Note that capital losses can only be offset against capital gains (not revenue gains).

An investor can carry forward a capital loss indefinitely.

No. Given that we do not prepare investors’ income tax returns and hence cannot be certain what capital losses have been applied by investors against capital gains, we are not able to accurately maintain such a history. This is the responsibility of investors and their tax agents/advisers.

Yes. The same discount percentages apply as for Australian sourced capital gains. Capital gains and losses are not quarantined according to source. That is, both Australian and foreign sourced capital gains are treated in the same manner and are not separately identified for tax purposes.

Investors are required to keep records of all matters that could result in them making a capital gain or loss. Those records must be kept for a minimum of five years after the relevant CGT event has happened.

We strongly recommend that independent taxation advice be sought so as to ensure that an investor’s underlying cost bases are correct.

Since December 2006, the above capital gain categories have been further sub-classified as Taxable Australian Real Property (TARP) capital gains or Non-Taxable Australian Real Property (NTARP) capital gains.

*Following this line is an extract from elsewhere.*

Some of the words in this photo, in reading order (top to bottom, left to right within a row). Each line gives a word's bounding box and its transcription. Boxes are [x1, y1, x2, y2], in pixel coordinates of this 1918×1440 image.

TARP capital gains refer to capital gains made upon the disposal of interests in Australian real property. TARP capital gains may arise from a direct or indirect interest in real property.

A direct interest in real property is simply a direct ownership interest in Australian real property, for example, an interest in an investment property. Broadly, an indirect interest in Australian real property is an interest in an entity which passes BOTH the non-portfolio interest test and the principal asset test.

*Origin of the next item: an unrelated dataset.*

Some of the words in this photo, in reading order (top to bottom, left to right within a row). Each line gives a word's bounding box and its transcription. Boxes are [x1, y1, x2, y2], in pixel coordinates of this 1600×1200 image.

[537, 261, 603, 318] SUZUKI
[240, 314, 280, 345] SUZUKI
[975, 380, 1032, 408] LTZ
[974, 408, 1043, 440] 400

  • The non-portfolio interest test is satisfied where the taxpayer (and any associates) holds an interest of 10% or more in another entity.
  • Broadly, the principal asset test is satisfied if the sum (by way of market value) of the entity’s TARP assets is greater than the sum (by way of market value) of the entity’s NTARP assets.

An Australian resident investor pays tax on both TARP and NTARP capital gains that it receives.

Where the Australian investor is considered to be an intermediary for non-residents, the TARP and NTARP capital gains distinction may be important as this may impact its withholding tax (WHT) obligations in respect of its non-resident beneficiaries/investors. Broadly, an entity will be considered an intermediary, where it is an Australian resident and it is in the business of predominantly providing custodial or depository services under an Australian Financial Services Licence.

A non-resident investor is subject to Australian tax on the TARP capital gains that it derives and is not subject to Australian tax on any NTARP capital gains that it derives.

We disclose the breakdown of TARP and NTARP capital gains on the Tax Report – Summary.

  • For distributions received through unlisted managed funds and listed securities, we rely on the TARP and NTARP breakdown information provided by the product issuer at the time of a distribution.
  • Where an investor has disposed of any asset during the year, we assume that any resulting capital gain realised is an NTARP capital gain on the basis that the investor did not pass the non-portfolio interest test.

We do not separate any distributed capital gains on the Tax Report – Detailed into TARP and NTARP capital gains.

Please note that we do not identify any investor as an intermediary for tax purposes but do provide sufficient information for intermediaries to meet their WHT obligations, if any.

For a full list of the withholding rates that may be applicable, please see the distribution schedule.

Any assets acquired before 20 September 1985 will generally be treated as pre-CGT assets.  This means any capital gain or loss arising will be disregarded and no gains or losses will be reported in respect of these assets on the Tax Reports.